Old Syko 08-29-2002, 09:25 AM Scout, Like Lloyd said I don't think you understand the concept of 4 wheel drive loc. If your 203 case hasn't been moded shift into Hi (not hi loc), jack up either the front or the rear wheels. chain the truck to something solid, put it in gear and try to move. It isn't going anywhere unless you put it in loc, although if you rev the engine high enough it will try to move slightly because you're overpowering the planetary in the case. You'll just spin your wheels.
I used to make people mad who would brad about full time by jacking up only the right front wheel. It would just spin that wheel until moved to loc. :D
Lloyd 08-29-2002, 09:45 AM Good to see you back, OS.
They will not want to put it on a dyno. Having said that, you CAN put it on a dyno by chaining it's ass to something immovable, and not putting anything you care about in front of it. IF that tcase differential objects to this abuse, it'll try to launch the truck through whatever's there. Having seen open-diff side gears climb up on the opposing spiders' teeth and "lock" themselves this isn't something I'd really care to try, particularly if someone else's shit was involved. If I owned the shop, the dyno, the truck, and only people as crazy as me were involved it *could* happen, but your local smog nazis certainly won't want to do it.
Old Syko 08-29-2002, 09:57 AM Should have entered that post with a disclaimer I guess:eek:
Lloyd's tellin you right. As they say severe damage or death could occur. If you know what you're doing and have a complete understanding of how the system works the afore mentioned test can be done to prove a point. For now I should have stuck to getting scout to understand the difference between hi and hi loc and lo and lo loc.:D
Old Syko 08-29-2002, 10:27 AM Even though I'm semi reitred I havn't had time to get on the board. Lookin for a position, building a new house etc.etc.etc.
Glad to see someone is still trying to educate the masses on mopar.

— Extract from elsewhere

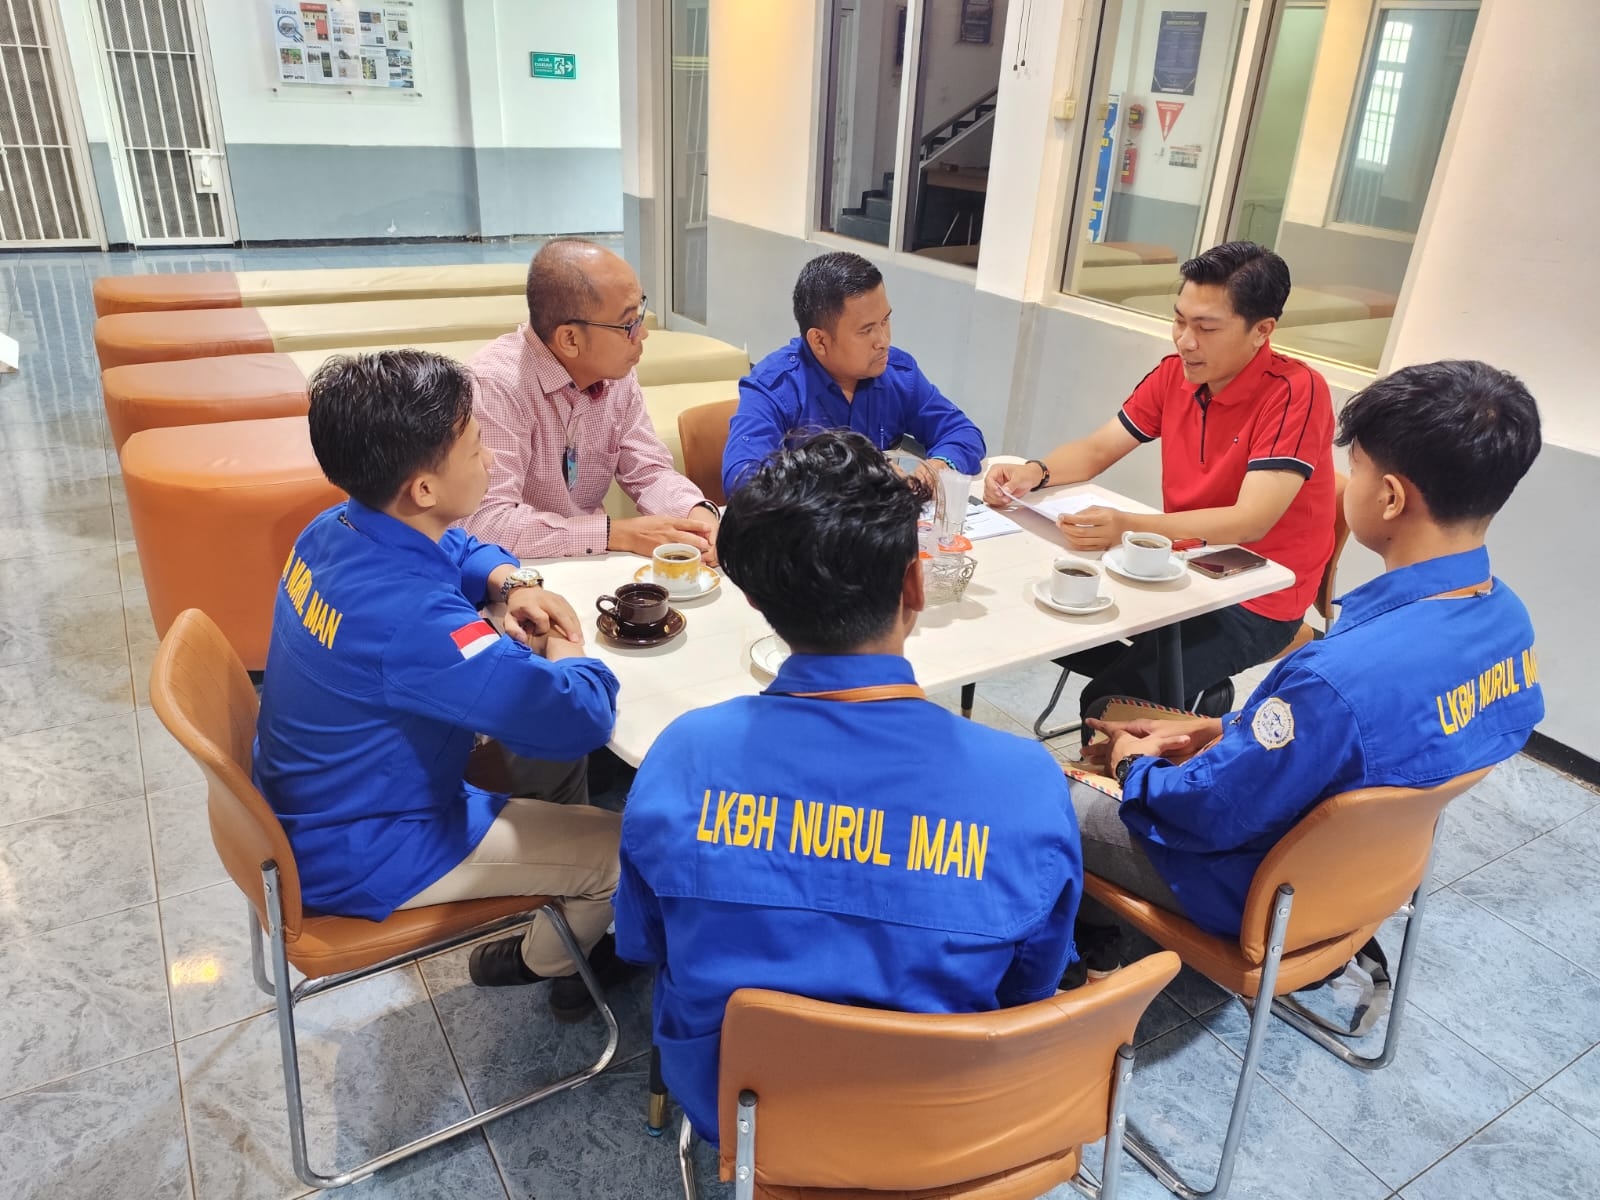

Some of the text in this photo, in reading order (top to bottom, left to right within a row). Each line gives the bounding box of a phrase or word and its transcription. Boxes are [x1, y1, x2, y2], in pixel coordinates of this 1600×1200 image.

This full time thing ain't that hard to understand nor is it weak. It is different and that seems to cause confusion.
Scout, forget the owner's manual and spend some time in a good OEM repair manual both reading, and the part I understand, looking at the pictures. One day it will all just "click"
Sorry if I got away from the original thread.

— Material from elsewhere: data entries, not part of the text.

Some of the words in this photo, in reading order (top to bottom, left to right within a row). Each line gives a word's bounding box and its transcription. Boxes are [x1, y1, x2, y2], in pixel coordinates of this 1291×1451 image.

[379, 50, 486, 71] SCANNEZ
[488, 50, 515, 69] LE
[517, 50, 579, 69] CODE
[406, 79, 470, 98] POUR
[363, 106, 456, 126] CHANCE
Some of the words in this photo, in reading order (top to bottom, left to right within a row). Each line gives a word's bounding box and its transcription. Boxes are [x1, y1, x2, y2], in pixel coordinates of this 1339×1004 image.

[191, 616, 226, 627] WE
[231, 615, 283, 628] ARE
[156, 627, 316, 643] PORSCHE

Lloyd 08-29-2002, 10:31 AM There's a huge difference between jacking up a wheel or two for a little spin, and a long hard dyno pull. :D I'd be surprised if that tcase differential would survive a rigorous dyno workout in the test I described.
Previous owner of my old CJ-5 (of which I'm now the previous owner) converted the open rear D44 to an instant-spool on a loose steep climb. After that it'd bark the inside rear on pavement, seemed to be really locked up solid. Didn't even need to pay the electric co. for the juice to weld it. It'd had enough crap get into the differential over the years that the spiders were worn and loose, and on that climb the teeth rode up and bound it solid. Eventually it popped open again.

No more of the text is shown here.